About this task
Each record that comes next should be output exactly; pictures do not belong in the copy.
-- -- --
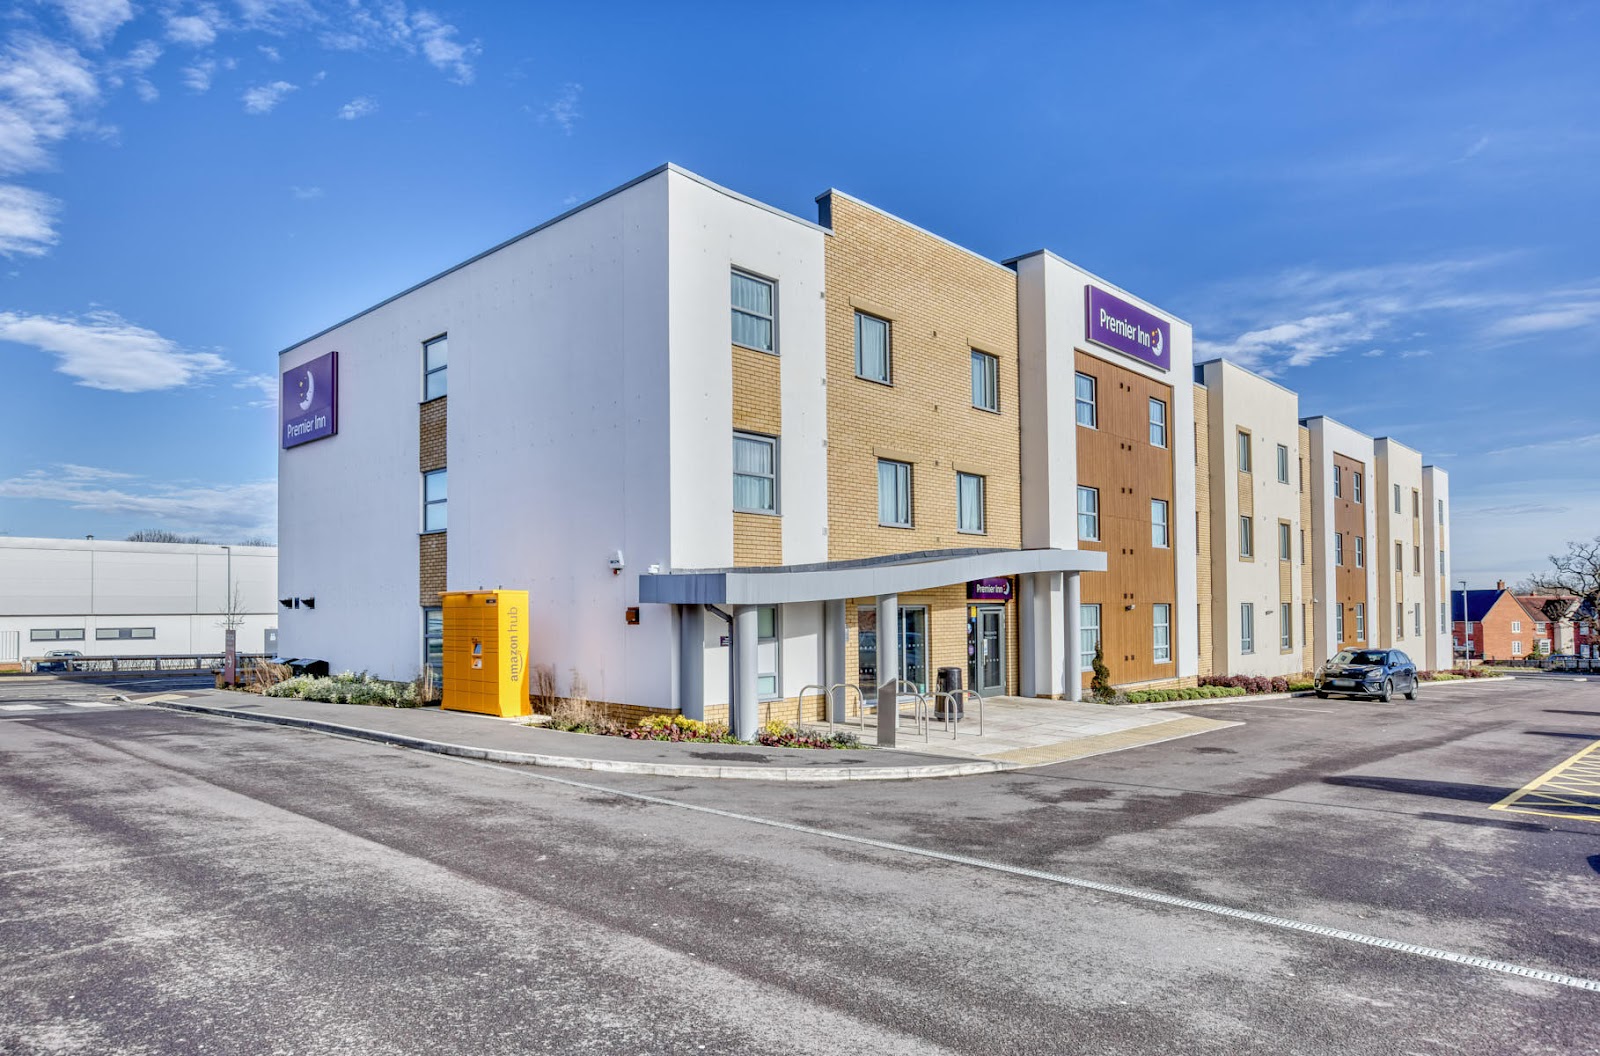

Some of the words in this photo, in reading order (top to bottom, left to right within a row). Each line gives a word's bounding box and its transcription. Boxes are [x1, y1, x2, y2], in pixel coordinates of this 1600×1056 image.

[1100, 308, 1136, 340] Premier
[1137, 325, 1150, 347] Inn
[287, 419, 314, 438] Premier
[314, 415, 326, 430] Inn
[976, 583, 995, 593] Premier
[995, 585, 1003, 593] Inn
[507, 606, 518, 632] hub
[510, 636, 519, 682] amazon
-- -- --
Exercise response
Some of the words in this photo, in reading order (top to bottom, left to right within a row). Each line gives a word's bounding box and its transcription. Boxes are [x1, y1, x2, y2], in pixel coordinates of this 1600×1056 image.

[1100, 308, 1136, 340] Premier
[1137, 325, 1150, 347] Inn
[287, 419, 314, 438] Premier
[314, 415, 326, 430] Inn
[976, 583, 995, 593] Premier
[995, 585, 1003, 593] Inn
[507, 606, 518, 632] hub
[510, 636, 519, 682] amazon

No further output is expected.